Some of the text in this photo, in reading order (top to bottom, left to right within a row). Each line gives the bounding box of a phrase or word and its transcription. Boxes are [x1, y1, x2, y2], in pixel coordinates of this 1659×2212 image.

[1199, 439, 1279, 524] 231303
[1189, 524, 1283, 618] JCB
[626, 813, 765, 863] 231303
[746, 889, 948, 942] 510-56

**EXERCISE**
Quote the entire listing above exactly.

**RESPONSE**
Some of the text in this photo, in reading order (top to bottom, left to right within a row). Each line gives the bounding box of a phrase or word and its transcription. Boxes are [x1, y1, x2, y2], in pixel coordinates of this 1659×2212 image.

[1199, 439, 1279, 524] 231303
[1189, 524, 1283, 618] JCB
[626, 813, 765, 863] 231303
[746, 889, 948, 942] 510-56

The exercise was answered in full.